Mieux encore! Le Maroc est en train de s’ouvrir à l’international. Les différents déplacements de S.M. le Roi à l’étranger aurait dû attirer l’attention. En effet, la langue est fondamentale dans les relations économiques internationales que Notre Roi est parvenu à établir pour le bien et l’expansion de notre nation.

Jurisprudence de la Cour suprême

L’arabe par les tribunaux? Oui! Mais pour le droit de la famille, puisqu’il s’agit de la religion qui ne peut souffrir un texte dans une langue étrangère. Mais dans les autres domaines du droit, quels qu’ils soient: civil, commercial, pénal, financiers ou autres, seule leur langue originelle, constituant la source, a une portée juridique certaine. Une jurisprudence de la Cour suprême reconnaît à cette source du droit la suprématie sur les textes qui l’ont traduite.
Cela dit, comment peut-on développer le Maroc sans la justice? En effet, comment peut-on accepter que la plupart de nos professionnels préfèrent prendre le risque d’un jugement à l’étranger? Il est évident qu’une irrecevabilité des documents encourage la délocalisation des dossiers vers d’autres pays. Quand on sait qu’en droit, l’essentiel c’est la preuve et uniquement la preuve d’un droit, surtout en matière commerciale, où la preuve est libre. L’erreur est que, dorénavant, à chaque fois qu’il y aura une transaction commerciale internationale, la compétence des tribunaux marocains sera exclue. Tous les accords actuels prévoient la compétence à Londres. Ce projet de loi arrange donc finalement les avocats et les tribunaux étrangers. Il a donc pour effet de délocaliser des compétences juridiques à l’étranger.

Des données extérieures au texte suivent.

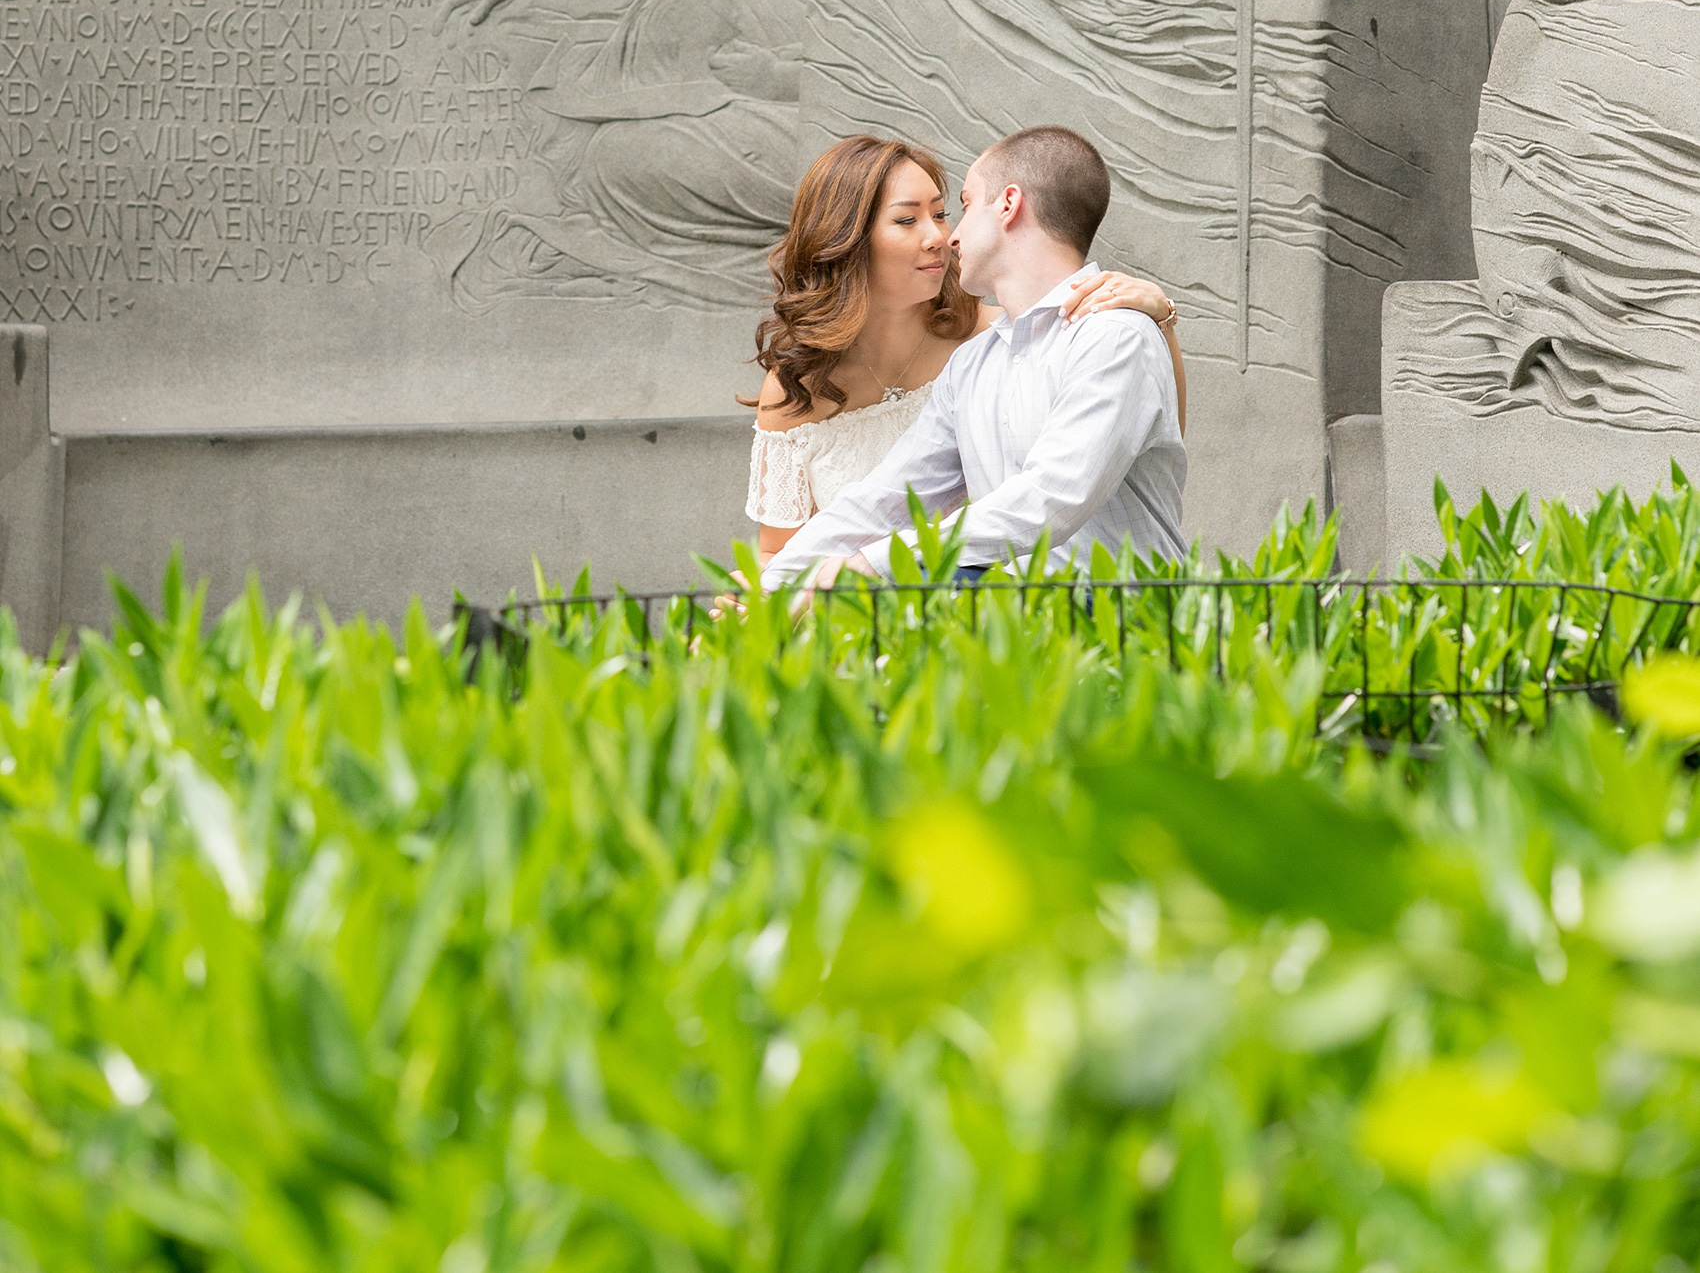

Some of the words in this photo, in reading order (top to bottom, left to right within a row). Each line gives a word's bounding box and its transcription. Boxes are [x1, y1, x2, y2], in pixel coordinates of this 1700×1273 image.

Une sorte de zone franche juridique

Pour faire face à cette auto-exclusion de nos tribunaux, nous pensons qu’il serait plus avantageux pour notre pays de créer un espace réservé aux investisseurs, une sorte de zone franche juridique, où la langue peut être un choix de l’investisseur, ceci d’autant plus que notre droit a été, et est encore, généreusement recopié des textes étrangers.
Peut-être que dans un premier temps, en raison de l’urgence, il conviendrait de penser à regrouper tout le contentieux, relatif à des accords internationaux liants des investisseurs étrangers, au niveau d’un seul tribunal hautement spécialisé, matériellement et territorialement compétent dans tout le pays ou une partie seulement. La mise en œuvre de cette suggestion requiert un examen approfondi des questions linguistiques et des sensibilités locales. L’institution d’une zone franche juridique devrait être adoptée dans les meilleurs délais. Dans cette lancée, on devrait aussi envisager, dorénavant, un enseignement de juristes plurilinguistiques.